**Source records**
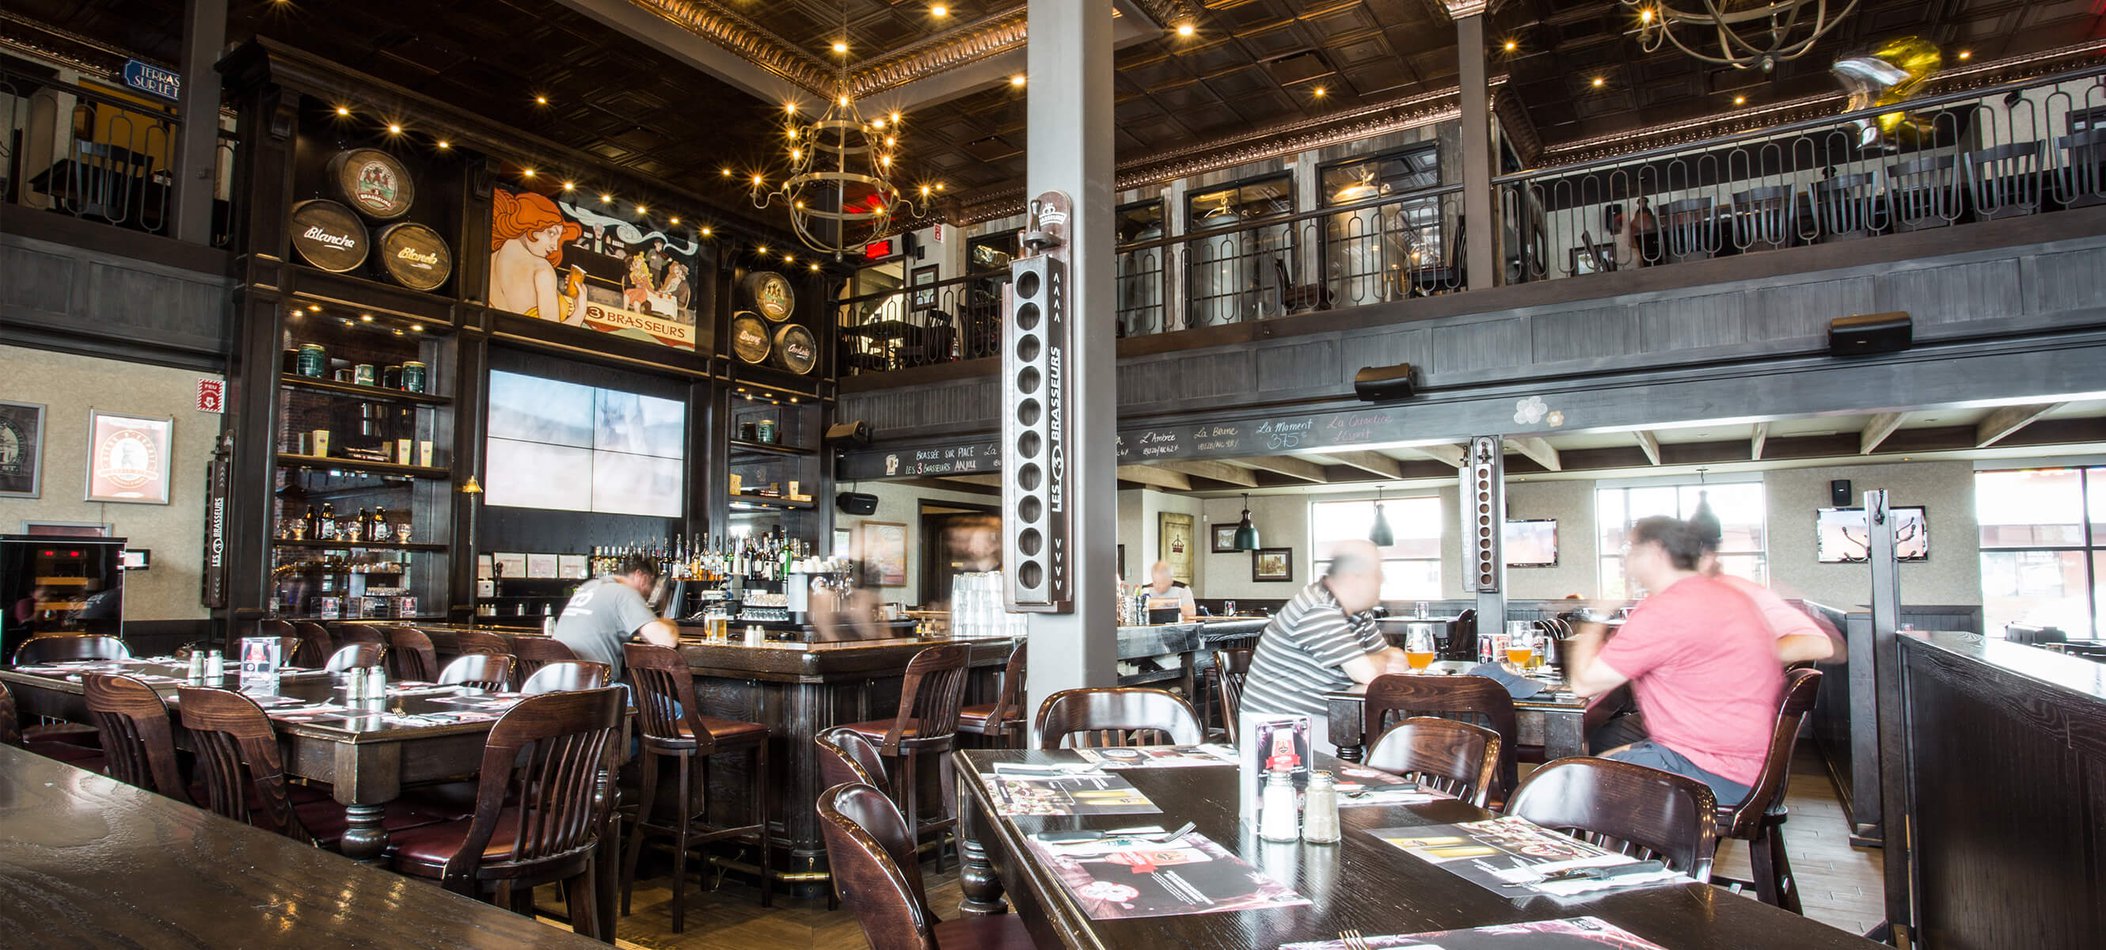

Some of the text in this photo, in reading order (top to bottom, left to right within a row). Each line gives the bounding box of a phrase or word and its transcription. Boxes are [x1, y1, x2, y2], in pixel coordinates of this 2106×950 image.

[133, 75, 156, 92] SUR
[304, 225, 355, 248] Blanche
[607, 311, 685, 339] BRASSEURS
[1050, 346, 1061, 441] BRASSEURS
[1194, 427, 1207, 439] La
[1256, 419, 1312, 434] La Moment
[916, 446, 975, 460] BRASSÉE SUR PLACE
[984, 444, 998, 456] La
[905, 465, 916, 475] LES
[917, 462, 923, 475] 3
[954, 459, 977, 472] ANJOU
[1051, 484, 1062, 512] LES
[213, 496, 224, 538] BRASSEURS
[212, 554, 221, 567] LES

**EXERCISE DIRECTIONS**
The data is to be printed again exactly, but without its pictures.

**EXERCISE OUTPUT**
Some of the text in this photo, in reading order (top to bottom, left to right within a row). Each line gives the bounding box of a phrase or word and its transcription. Boxes are [x1, y1, x2, y2], in pixel coordinates of this 2106×950 image.

[133, 75, 156, 92] SUR
[304, 225, 355, 248] Blanche
[607, 311, 685, 339] BRASSEURS
[1050, 346, 1061, 441] BRASSEURS
[1194, 427, 1207, 439] La
[1256, 419, 1312, 434] La Moment
[916, 446, 975, 460] BRASSÉE SUR PLACE
[984, 444, 998, 456] La
[905, 465, 916, 475] LES
[917, 462, 923, 475] 3
[954, 459, 977, 472] ANJOU
[1051, 484, 1062, 512] LES
[213, 496, 224, 538] BRASSEURS
[212, 554, 221, 567] LES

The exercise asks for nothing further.